I pull away from my mom, frowning. This isn't the first time? When was the first time? Why did he disappear before? I can't even look at her. I have a very bad feeling in the pit of my stomach. She's let Cloud live with us, knowing he's done horrible things to Roxas before? Why would she do that? How could she just ignore this? I mean, I did, but I am not an adult. I wouldn't be able to get Cloud to stop. Mom should have done something. I look up at Axel and mumble. "We need to get back to the house, now."

Axel nods and Mom sighs. "I'll be right there Sora, I need to tell my boss there's an emergency. Axel, can you call your brother? We will need the police involved…." Her voice is shaky, but her face is calm. I can't tell if she's really angry, or trying not to cry. I don't know if either make her ignorance better. At least she's here for Roxas now. Even though that's a shitty consolation prize. I leave with Axel, without giving her a second look.

Axel drive to the house, he is quiet. He forgot to call his brother. I didn't feel like reminding him. I can tell he's in just as much shock as I am. When we get to the house cloud is sitting on our sofa in the living room, watching television. He's just sitting there, like he didn't do anything wrong. Soon Mom walks through the door, looking angrier than I ever remember her looking. I jump and get out of her way as she storms over to Cloud.

"Cloud, where is Roxas?" Mother demands, her voice full of venom.

"I donno, he was-" he responds lazily.

"Axel said you were the last to see him, how do you not know where he is Cloud?" She yells impatiently and I looked to Axel who is frowning deeply. I don't understand why my father would want to hurt Roxas? Roxas has never been one to do bad things. Yet he's always gotten the brunt of Cloud's anger and hate.

"Yeah, that was a while ago, I don't know where he is now." He challenges her, sitting up more threateningly. That is NOT what he told me. I growl and I can't stop myself from going over there with the intent to punch his stupid fucking face in. Next thing I know Axel's grabbed my wrist and pulled me into his chest.

"Shh, Sora let your mom handle this. Let's go get Riku and Reno to help us search for him. Plus, you need to calm down." He holds me tight as I shake and cry again. My father gave my mom another bull-shit explanation about where Roxas was. I can't take this anymore. I break away from axel's grip. "Sora!" He called after me, but I don't want to listen. I want my father to give Roxas back, and to get thrown into jail.

"Liar! You told me you threw him into one of those institutions for gay people. You didn't just take him home and let him leave! You -" my father glares at me and stands. My mother hisses his name as he grabs me by my collar.

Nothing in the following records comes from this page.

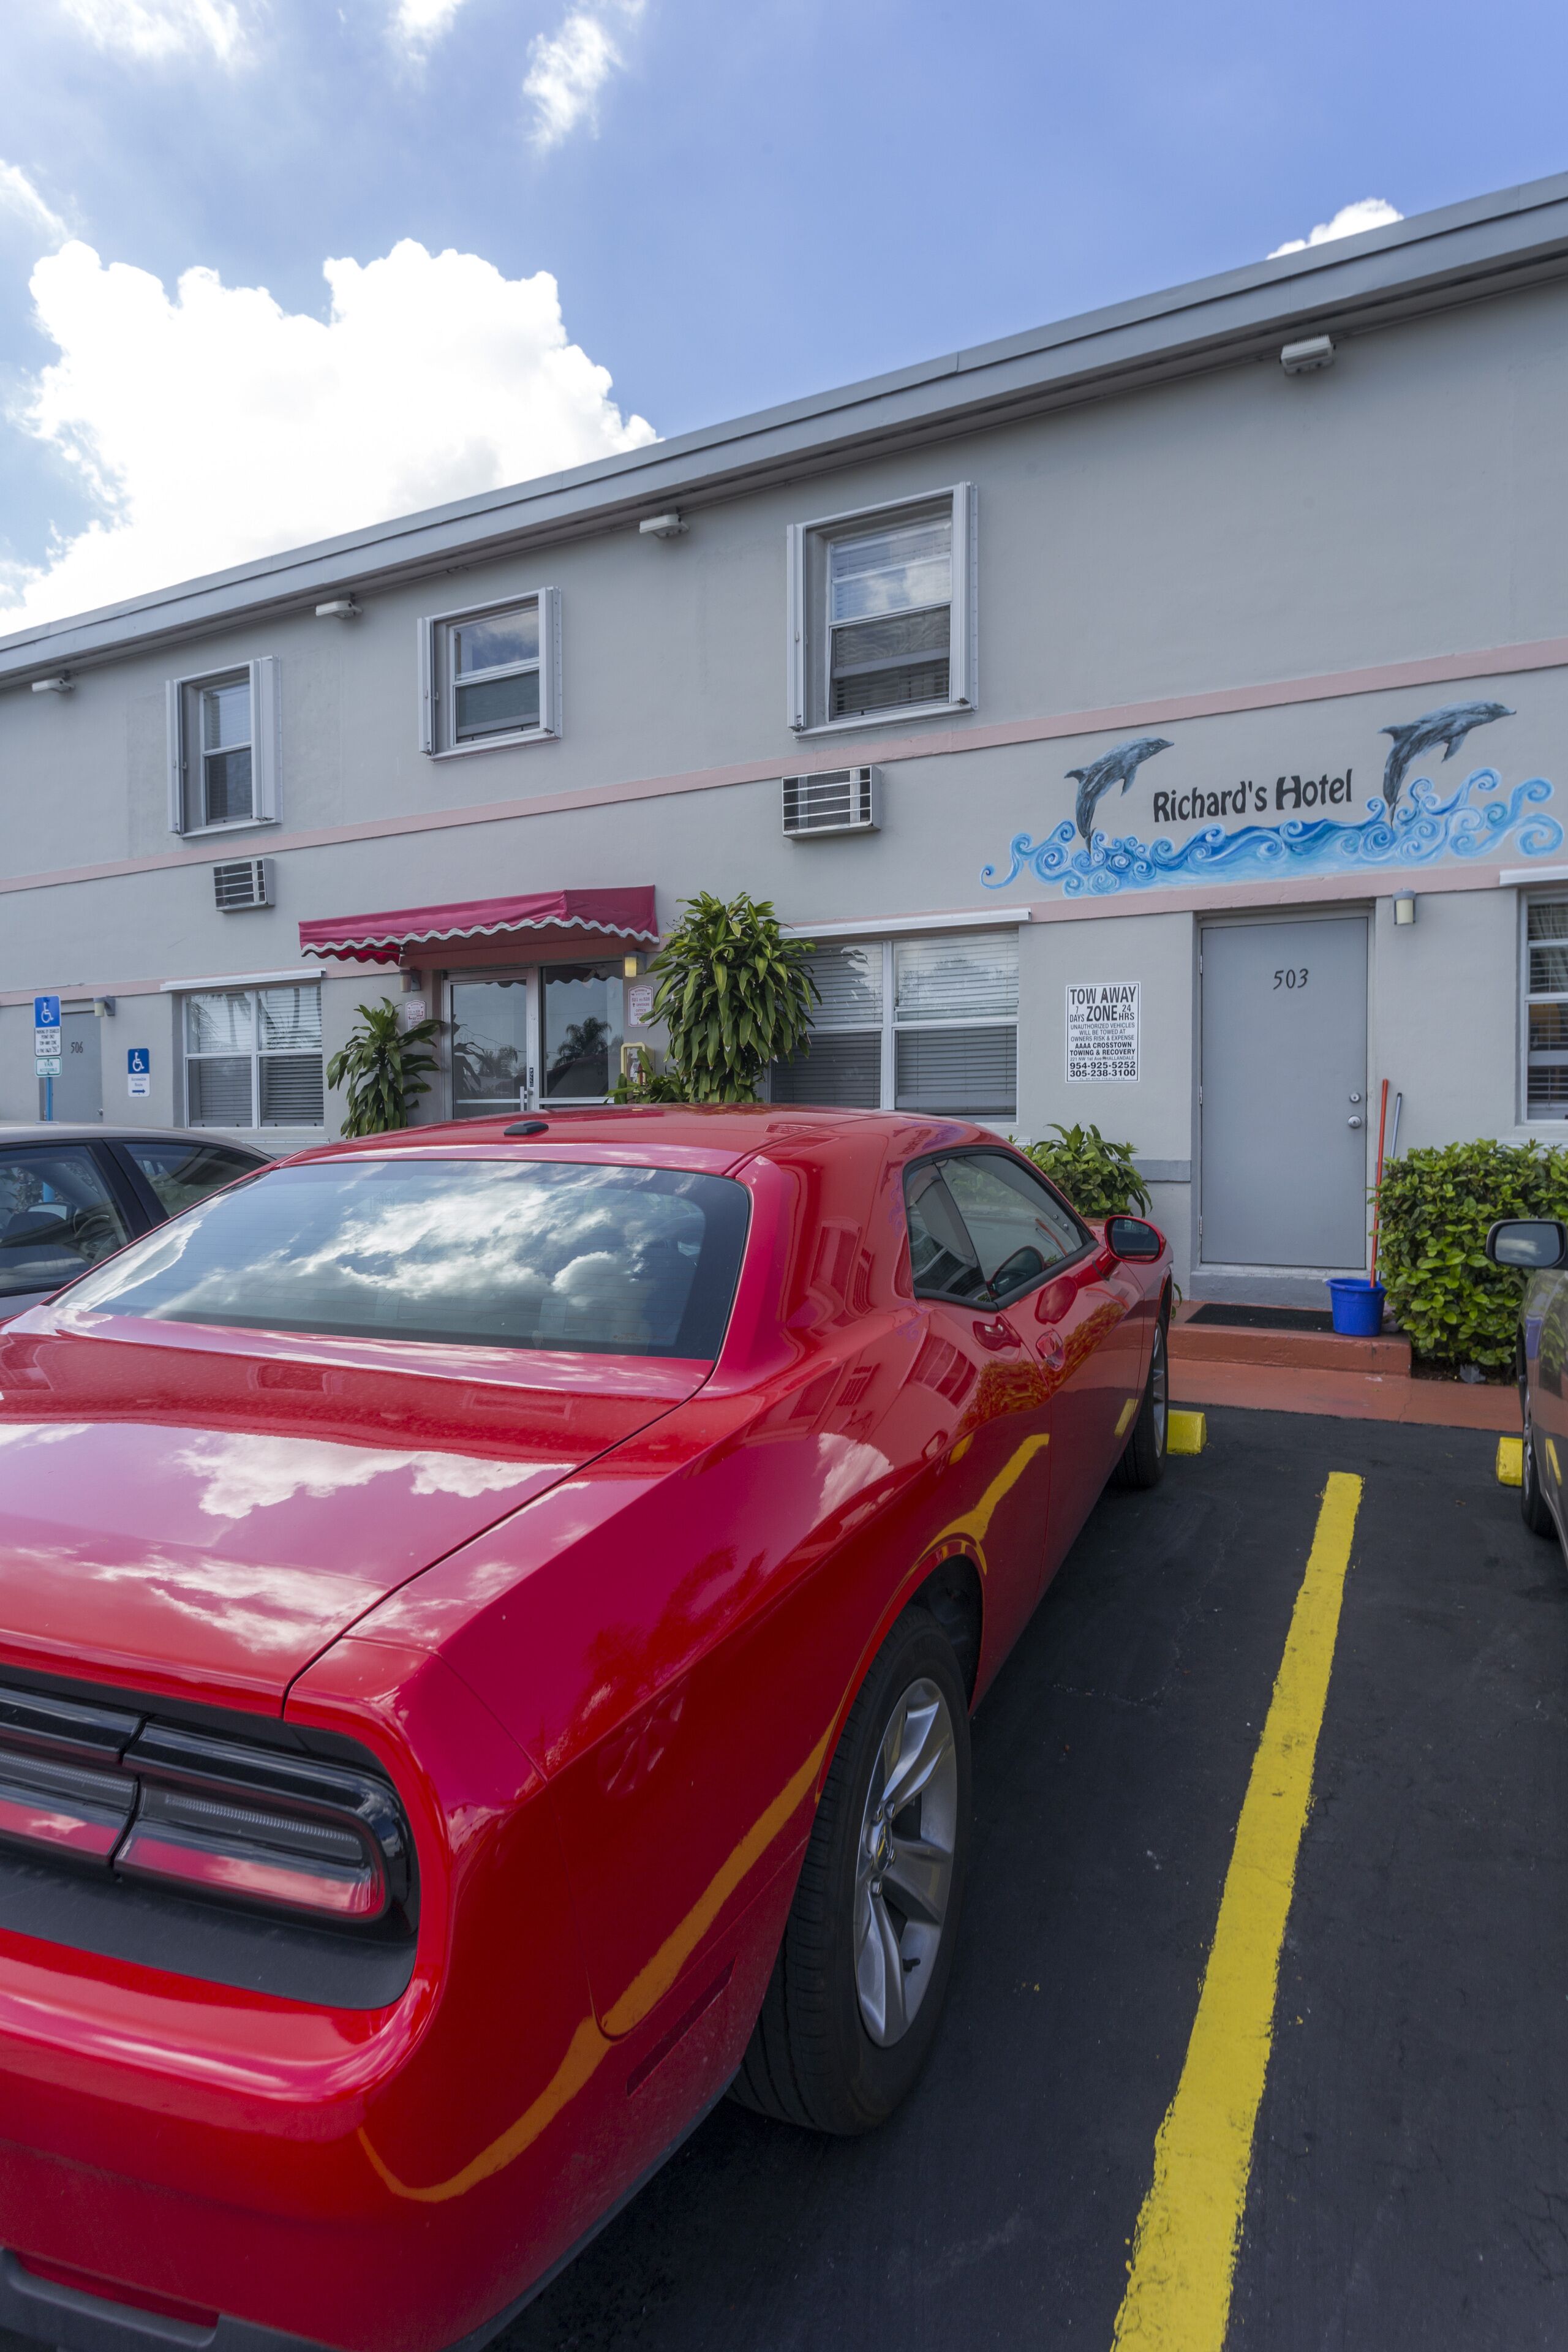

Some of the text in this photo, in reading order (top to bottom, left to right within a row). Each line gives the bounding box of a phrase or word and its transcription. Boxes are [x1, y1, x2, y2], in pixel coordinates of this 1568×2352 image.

[1153, 768, 1352, 823] Richard's Hotel
[1273, 968, 1309, 990] 503
[1070, 986, 1136, 1005] TOW AWAY
[1087, 1005, 1117, 1022] ZONE
[70, 1041, 83, 1054] 506

"Ok, fine, I put the faggot in his place! Why do you care so much?!" He spits at me and mother pulls his arm, yelling something. I can't hear anything but my heart thudding in my ears. Finally he told the fucking truth. Tears fall from my eyes as glare back into my father's unusually cold eyes. Maybe this isn't unusual? Maybe Dad being so nice to me is what was unusual. If being Gay is so bad, I should just come out too. Maybe he'll throw me in the same place as Roxas.

"I'm gay too." I whisper, staring right in his eyes. His eyes grow darker, dangerous. "I broke up with Kairi, for a man." He throws me to the ground. Mom yells my name and Cloud starts to argue with her.

"You raised faggots Aerith, do you feel special?" He spits at my mother. She has tears in her eyes. I don't know if she was crying because she is disgusted with me or dad. Either way I don't like it.

"Yes, I am gay, and Roxas is too. Is that so fucking wrong dad?!" I scream as I stand up, challenging him again. He backhands me, causing my cheek to sting and tears to fall from my eyes. My father hit me, for being me. Now I know a little of how it feels to be my twin. How it feels to be a black sheep, a freak. It made my insides twist and burn. The only thing is, I haven't dealt with this since I was 4 or something. Roxas has. He's hurt Roxas so many times, in so many ways. Rage surges through my veins. My mom is staring at me, dumbfounded. She looks to cloud angrily.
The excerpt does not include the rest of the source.